Morning Action: Obama’s Political Arm Selling White House Access

CRONYISM. The Senate Finance Committee scheduled a vote for Tuesday on the nomination of Jacob J. Lew, outgoing White House chief of staff under President Barack Obama and former budget director for President Bill Clinton, to succeed Timothy F. Geithner as Treasury secretary.  There has been opposition, but at the end of the day, cronyism may dictate the outcome:

Lew is expected to easily win the panel’s backing despite questions about his investments and criticism from some Republicans about his role in budget negotiations, clearing the way for confirmation by the full Senate in the following days.

Lew endured sharp criticism from GOP senators over… a generous compensation package he took as a senior official at Citigroup, which received a $45 billion federal bailout during the 2008 financial crisis.

Some suggest he did well during his hearings and his Democrat supporters disavow the accusations against him:

A committee news release from Chairman Max Baucus, D-Mont., said the vote follows “a thorough review of Lew by the committee, in which he answered extensive questions in a thorough and fully transparent manner.”

Nevertheless, Republican opposition is not overblown but rather legitimate (sub. req’d):

As for the Citi paycheck, the story is how Wall Street has become a get-rich-turnstile for Democratic political operatives. The terms of Mr. Lew’s original employment contract with Citi included a bonus guarantee if he left the bank for a “high level position with the United States government or regulatory body.”

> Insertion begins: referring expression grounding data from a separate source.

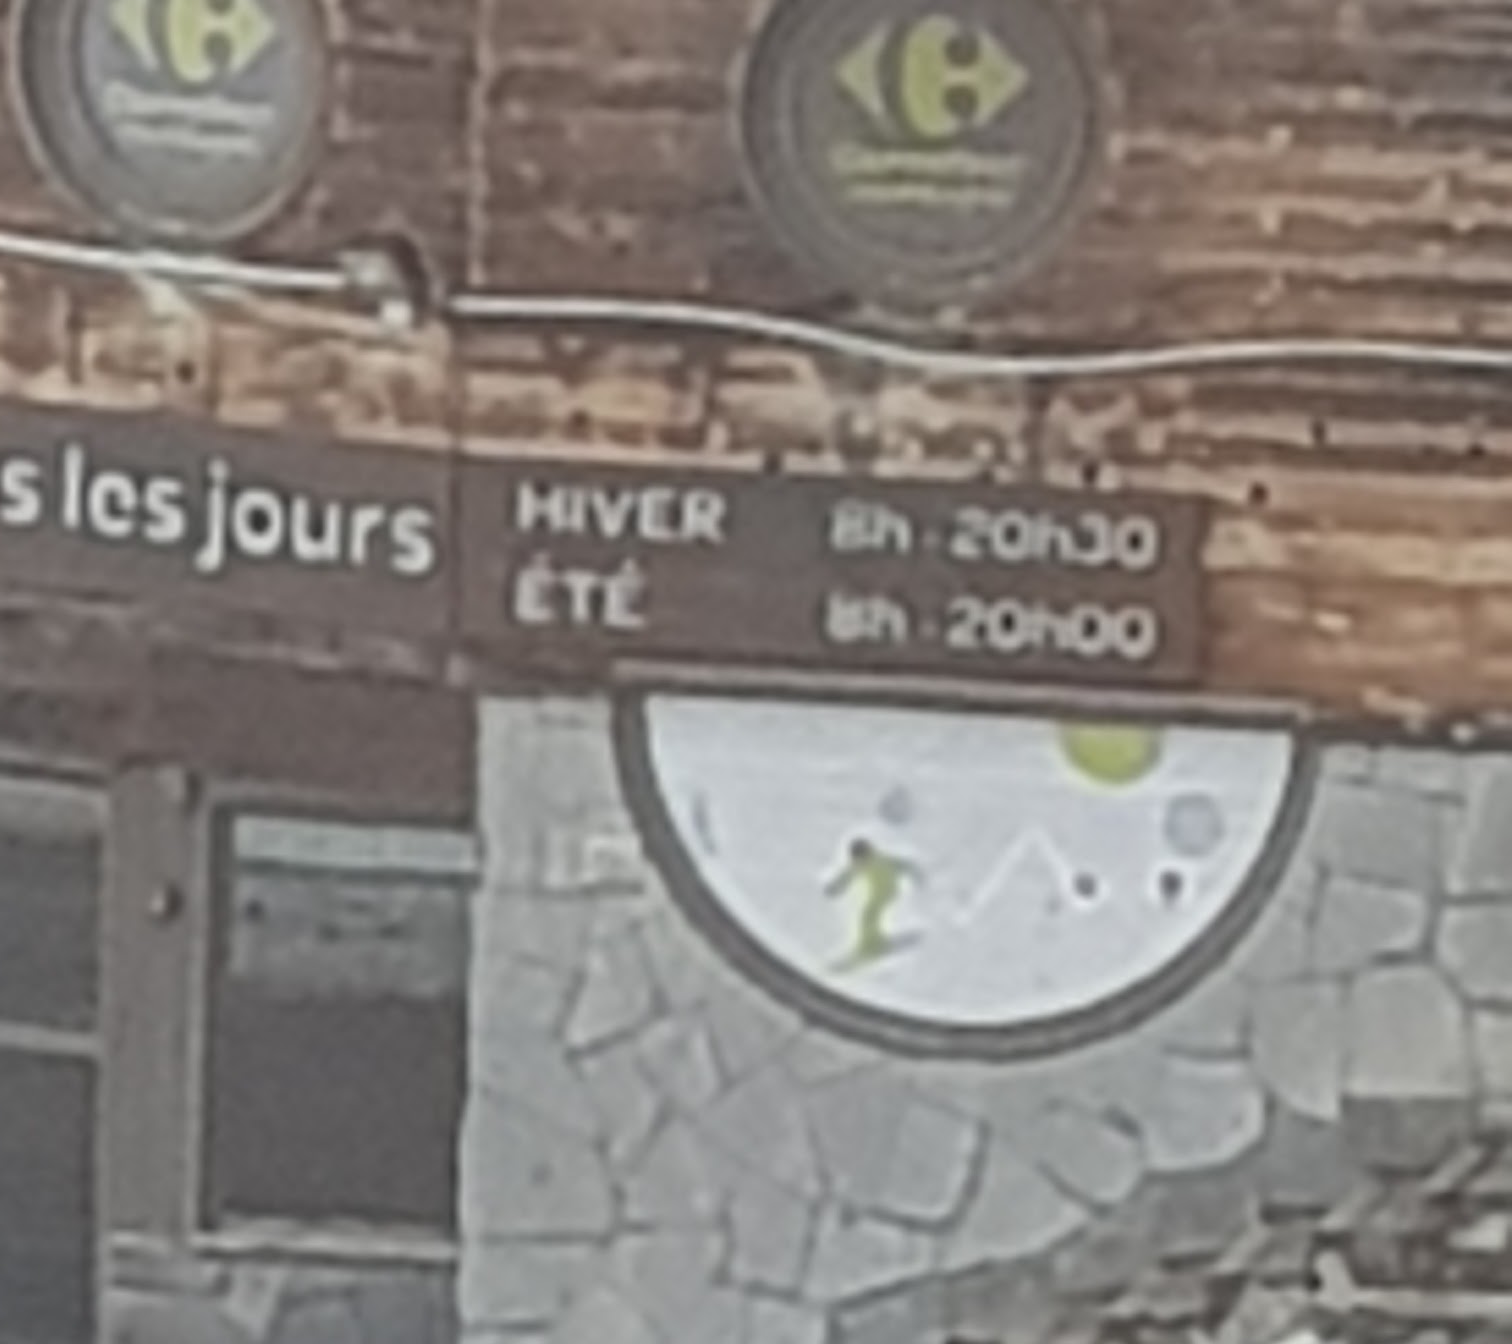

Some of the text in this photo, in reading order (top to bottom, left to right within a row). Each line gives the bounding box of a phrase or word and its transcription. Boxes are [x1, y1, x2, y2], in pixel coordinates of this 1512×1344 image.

[61, 441, 186, 544] les
[194, 458, 435, 574] jours
[515, 481, 726, 544] HIVER
[950, 506, 1160, 570] 20h30
[514, 552, 648, 630] ÉTÉ
[946, 596, 1159, 660] 20h00

Most companies include incentives for top employees not to leave, but in this case the contract was written to reward Mr. Lew for treating the bank like a revolving door…

Citi has been an especially nice landing spot for big-shot Democrats.

BIPARTISAN.  Many lawmakers and the media mistakenly view the forthcoming sequester as a problem:

Believe it or not, there is some bipartisan agreement in Washington, D.C. The problem is Republicans and Democrats agree those automatic spending cuts known as the “sequester” will probably start on Friday, the deadline for a budget agreement.

From Democratic Sen. Claire McCaskill of Missouri: “Unless the Republicans are willing to compromise and do a balanced approach, I think it will kick in.”

And from Republican Sen. Coburn of Oklahoma: “It will kick in…but you’re not going to see $85 billion all of a sudden shrink from the federal government.”

HAGEL & BRENNAN. Even though Hagel’s problem is Hagel, Republicans pledged to hold up his nomination until they had answers on Benghazi.  Hagel looks poised to be confirmed, and now Republicans are taking the Benghazi approach with John Brennan, the White House counterterrorism advisor nominated by Obama to head the Central Intelligence Agency.

McCain was evasive when asked by host Candy Crowley if he would use Senate rules to block Brennan’s nomination.

“Well, you know, I think you examine your options when you decide on the information. But he needs to answer these questions. And they say, why now? It’s the only time we have the maximum leverage. That’s just a fact of life around Washington,” he said. “The American people deserve answers about Benghazi. There are so many questions that are still out there, including what was the president doing the night Benghazi happened.”

A close McCain ally, GOP Sen. Lindsey Graham of South Carolina, has already threatened to block Brennan’s confirmation until the administration provides more information about the Libya incident.

VAWA. House Republicans unveiled their version of the Violence Against Women Act, which differed from the Senate VAWA bill in terms of LGBT “protections.”  It also addressed questions differently regarding how individuals could be tried on Native American tribal lands and in tribal courts.

The GOP proposal was posted on the House Rules Committee website… along with an announcement that the committee will begin moving the bill forward in a Tuesday hearing. Rep. Cathy McMorris Rodgers (R-Wash.) will sponsor the bill and the House is expected to bring it to a full vote later [this] week, a House Republican leadership aide confirmed.